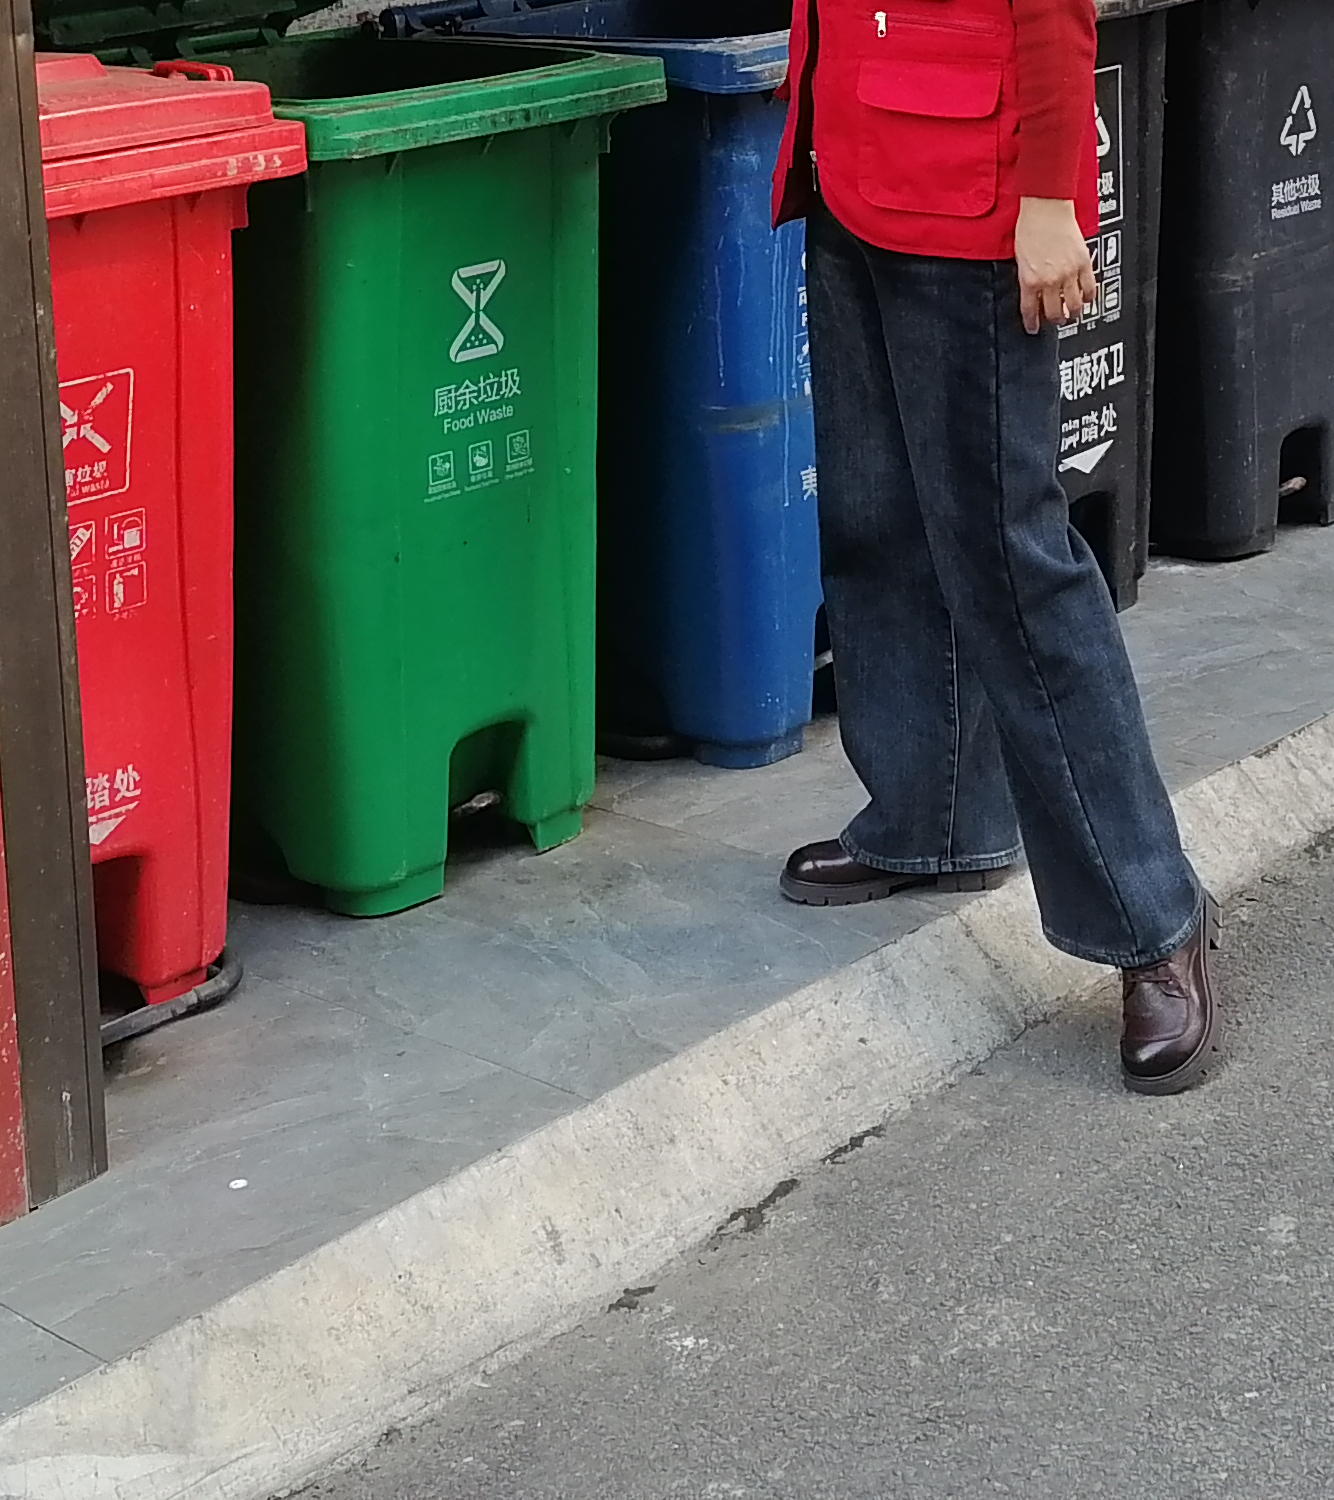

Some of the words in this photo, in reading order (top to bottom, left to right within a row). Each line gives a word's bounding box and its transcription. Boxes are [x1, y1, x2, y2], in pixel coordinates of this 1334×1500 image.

[1271, 173, 1321, 206] 其他垃圾
[1059, 341, 1124, 401] 夷陵环卫
[434, 368, 522, 417] 厨余垃圾
[443, 413, 474, 434] Food
[477, 404, 514, 425] Waste

* _TASK TO CARRY OUT_
Only the pictures are to be excluded; all other parts of the records above are to be given exactly.

* _SOLVED PROBLEM_
Some of the words in this photo, in reading order (top to bottom, left to right within a row). Each line gives a word's bounding box and its transcription. Boxes are [x1, y1, x2, y2], in pixel coordinates of this 1334×1500 image.

[1271, 173, 1321, 206] 其他垃圾
[1059, 341, 1124, 401] 夷陵环卫
[434, 368, 522, 417] 厨余垃圾
[443, 413, 474, 434] Food
[477, 404, 514, 425] Waste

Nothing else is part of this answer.